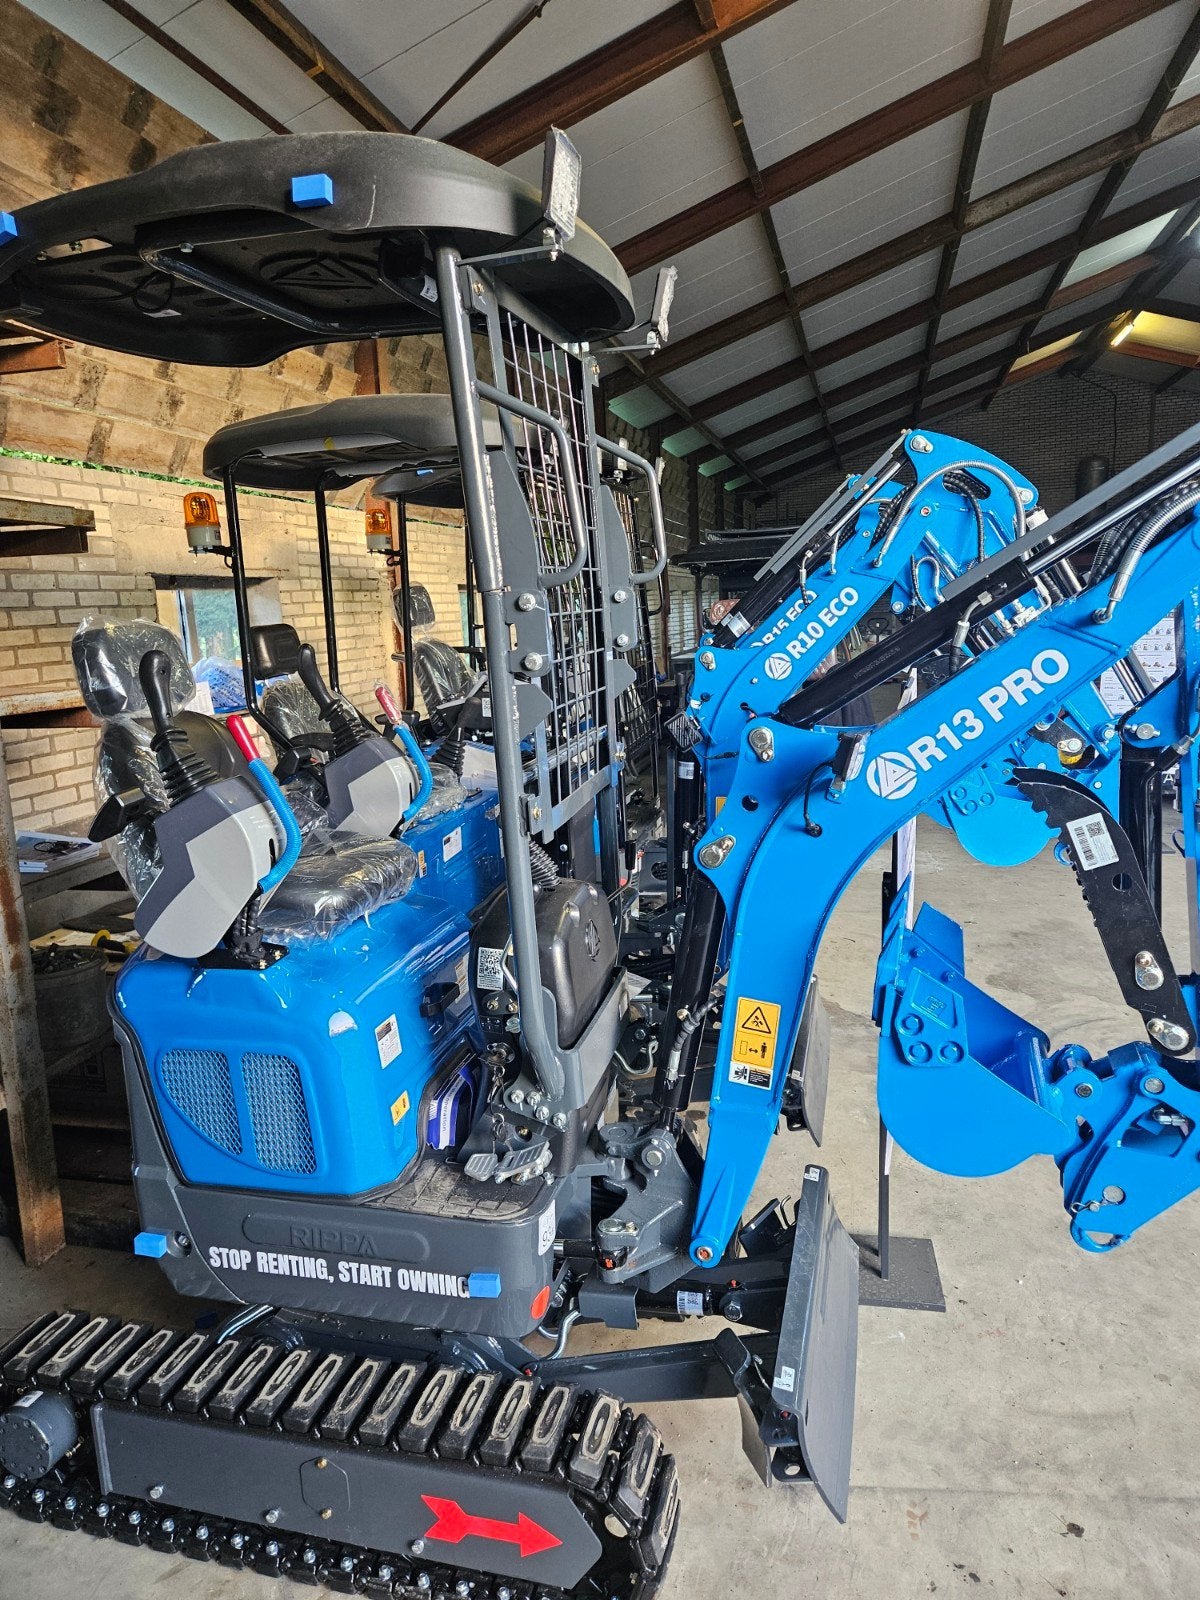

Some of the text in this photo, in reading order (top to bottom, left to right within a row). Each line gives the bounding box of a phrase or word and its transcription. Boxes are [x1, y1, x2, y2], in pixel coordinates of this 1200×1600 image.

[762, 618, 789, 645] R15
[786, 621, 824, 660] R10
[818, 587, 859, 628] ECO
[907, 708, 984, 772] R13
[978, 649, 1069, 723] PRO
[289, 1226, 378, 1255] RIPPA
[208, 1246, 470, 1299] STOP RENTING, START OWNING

▶ _PROBLEM DESCRIPTION_
Every line of the data above should be quoted exactly. Omit the pictures.

▶ _EXERCISE ANSWER_
Some of the text in this photo, in reading order (top to bottom, left to right within a row). Each line gives the bounding box of a phrase or word and its transcription. Boxes are [x1, y1, x2, y2], in pixel coordinates of this 1200×1600 image.

[762, 618, 789, 645] R15
[786, 621, 824, 660] R10
[818, 587, 859, 628] ECO
[907, 708, 984, 772] R13
[978, 649, 1069, 723] PRO
[289, 1226, 378, 1255] RIPPA
[208, 1246, 470, 1299] STOP RENTING, START OWNING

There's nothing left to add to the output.